And the whole strategy is only going to work well under a certain set of circumstances. You’re going to need a very wide open area for it to work, and that won’t happen every time. I don’t know if it’s a question of needing to be much reined in as you happened to have the right tool for the job in this instance.
There's also nothing in the stat blocks of things like a warhorse or riding horse (that I can see) that indicates anything about them being able to be ridden/trained to be mounted. The "controllable mount" part is not any in-game tagged condition or feature. It is purely up to the DM to say "yes, this animal is a controllable mount".
Despite the name, please see Mounts and Other Animals for the list of common animals trained to accept a rider. Other creature entries will describe if they can be trained as a mount. For example, a Giant Space Hamster (Spelljammer) can because it is in the description of the creature (not the stat block) and the same for a Giant Seahorse. These are controlled mounts.
If it can be trained as a mount, it is a controlled mount, otherwise, it is uncontrolled. If you are sitting on top of your larger ally, they are an independent mount at best.
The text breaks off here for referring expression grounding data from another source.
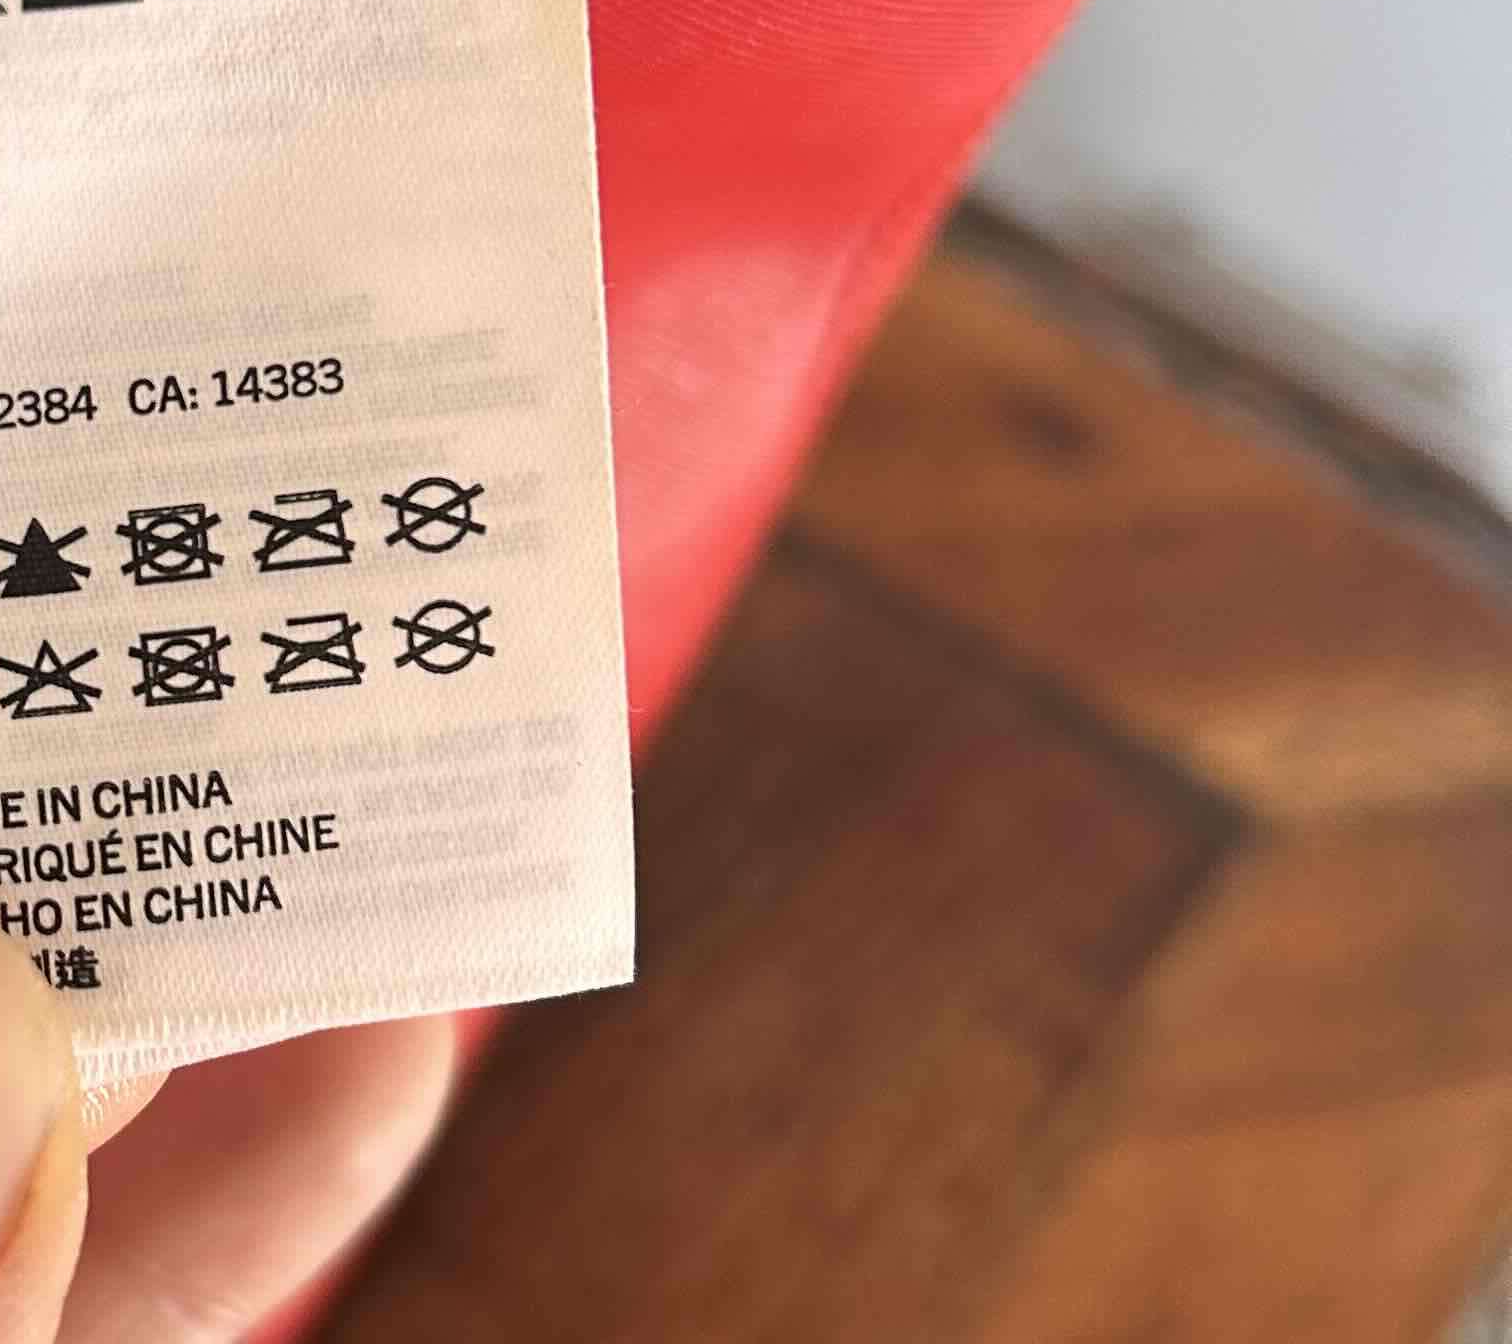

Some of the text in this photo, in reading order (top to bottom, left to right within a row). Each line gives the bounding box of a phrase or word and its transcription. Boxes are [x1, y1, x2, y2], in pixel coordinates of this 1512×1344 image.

[127, 375, 199, 416] CA:
[211, 357, 345, 407] 14383
[36, 784, 82, 827] IN
[91, 770, 233, 820] CHINA
[133, 829, 194, 872] EN
[204, 813, 340, 864] CHINE
[74, 890, 133, 933] EN
[143, 874, 283, 926] CHINA
This is the scenario for the familiar mount; it is independently intelligent creature that obeys the instructions you give it. You tell it to move 15 feet forward and it moves 15 feet forward when it is its turn to move. It is an independent mount.
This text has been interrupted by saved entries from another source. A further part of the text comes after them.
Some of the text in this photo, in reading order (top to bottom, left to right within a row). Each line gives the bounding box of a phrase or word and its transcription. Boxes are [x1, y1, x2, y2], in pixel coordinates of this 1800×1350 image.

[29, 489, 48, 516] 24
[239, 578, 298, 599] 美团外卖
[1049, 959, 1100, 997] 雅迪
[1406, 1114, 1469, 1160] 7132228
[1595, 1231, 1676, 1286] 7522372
And again, the thing is fragile. Even if you’re 100’ away, an intelligent enemy with a longbow will easily shoot it out from under you, leaving you prone 100’ from the fight.
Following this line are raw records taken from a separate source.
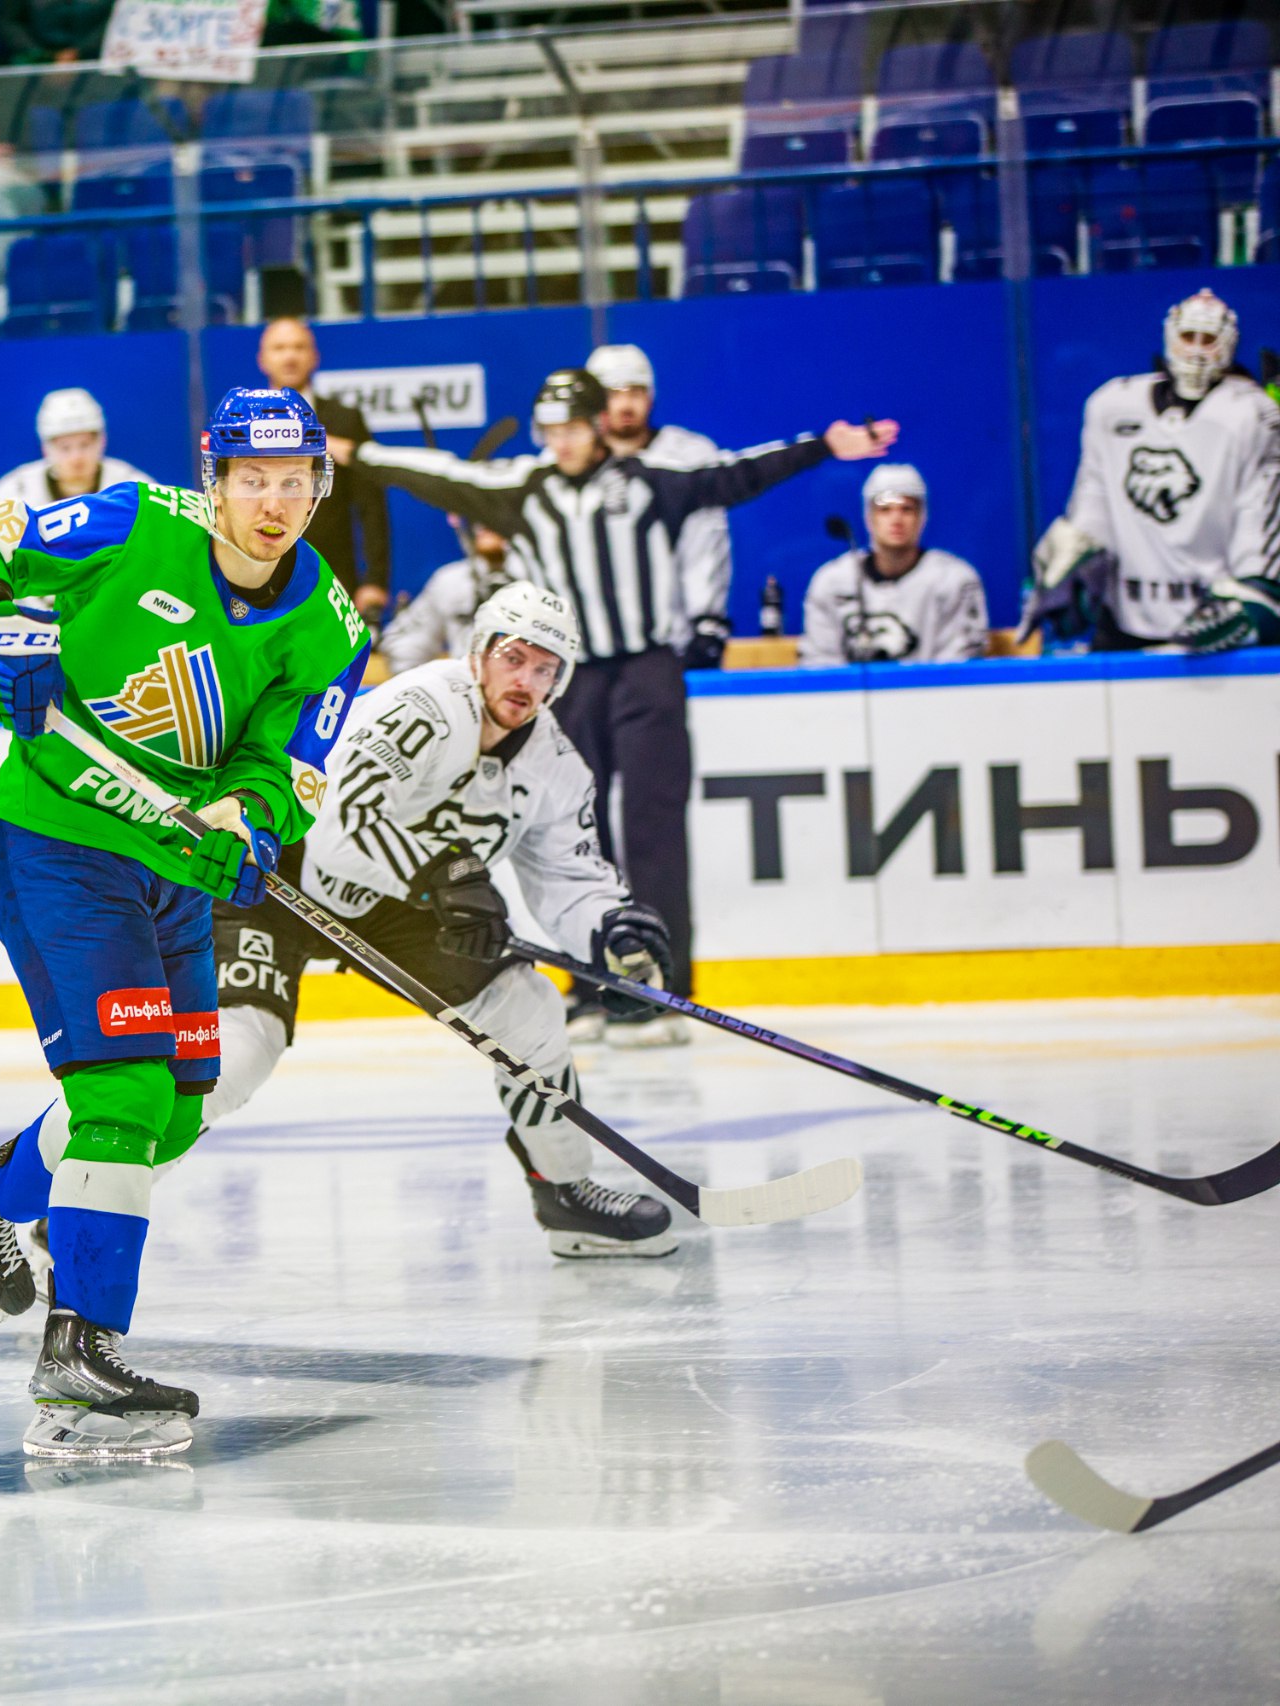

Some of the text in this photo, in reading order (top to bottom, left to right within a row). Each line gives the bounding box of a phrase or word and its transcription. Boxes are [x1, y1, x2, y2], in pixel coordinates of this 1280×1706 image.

[253, 428, 300, 440] согаз
[32, 495, 91, 543] 6
[153, 597, 180, 614] МИР
[315, 685, 346, 740] 8
[376, 702, 436, 760] 40
[701, 756, 1280, 882] ТИНЬ
[265, 873, 348, 941] SPEED
[218, 960, 290, 1002] ЮГК
[110, 1001, 160, 1021] Альфа
[176, 1026, 210, 1046] льфа
[436, 1007, 572, 1109] CCM
[936, 1094, 1066, 1150] CCM
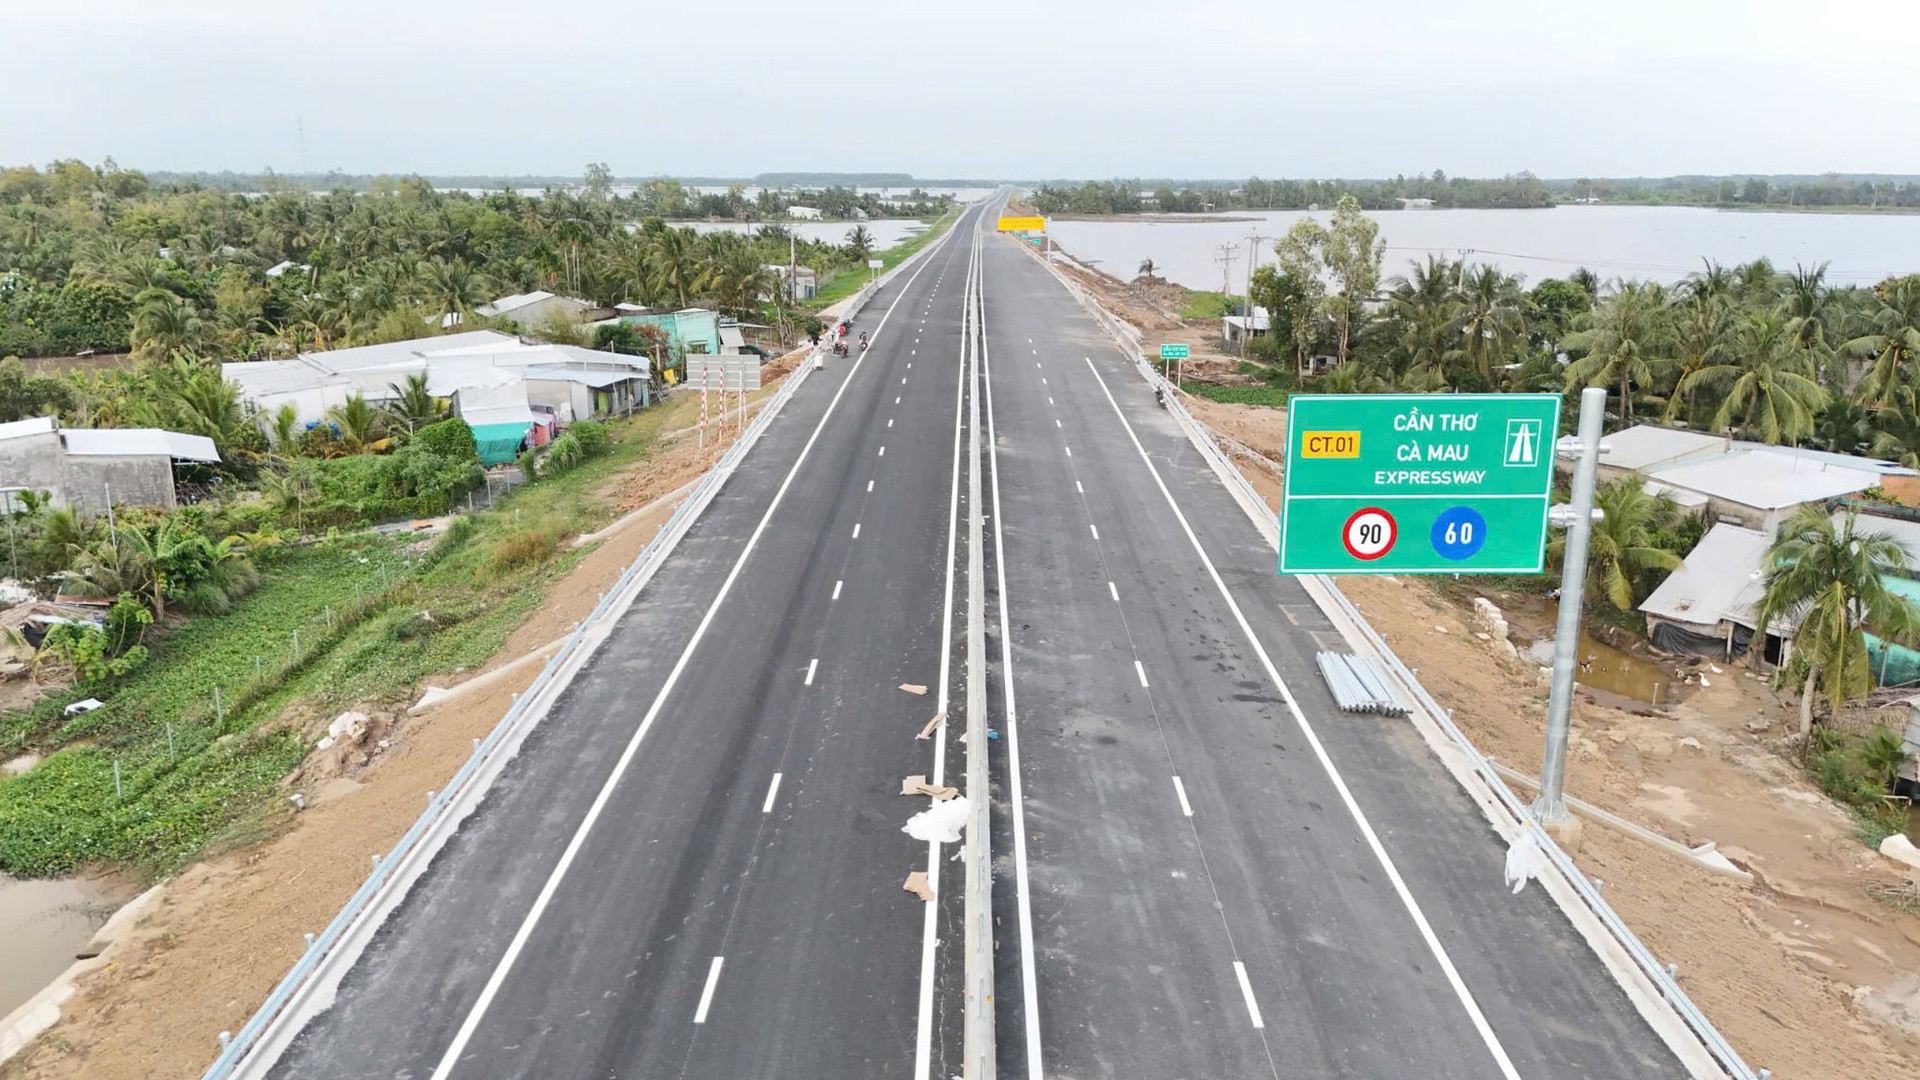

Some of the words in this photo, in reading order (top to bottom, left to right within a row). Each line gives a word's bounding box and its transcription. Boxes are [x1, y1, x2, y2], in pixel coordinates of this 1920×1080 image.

[1394, 407, 1433, 431] CẦN
[1439, 413, 1479, 431] THƠ
[1309, 437, 1354, 453] CT.01
[1397, 442, 1422, 461] CÀ
[1427, 445, 1469, 461] MAU
[1374, 471, 1486, 485] EXPRESSWAY
[1359, 524, 1382, 544] 90
[1444, 522, 1473, 545] 60
Keep in mind that it's "fragile" but dropping a normal mount to 0 HP means losing the mount while a familiar can be resummoned as the same creature. Also, unlike a standard mount, you can put your familiar in a familiar pocket when needed, for protection or convenience.
There's also nothing in the stat blocks of things like a warhorse or riding horse (that I can see) that indicates anything about them being able to be ridden/trained to be mounted. The "controllable mount" part is not any in-game tagged condition or feature. It is purely up to the DM to say "yes, this animal is a controllable mount".
Despite the name, please see Mounts and Other Animals for the list of common animals trained to accept a rider. Other creature entries will describe if they can be trained as a mount. For example, a Giant Space Hamster (Spelljammer) can because it is in the description of the creature (not the stat block) and the same for a Giant Seahorse. These are controlled mounts.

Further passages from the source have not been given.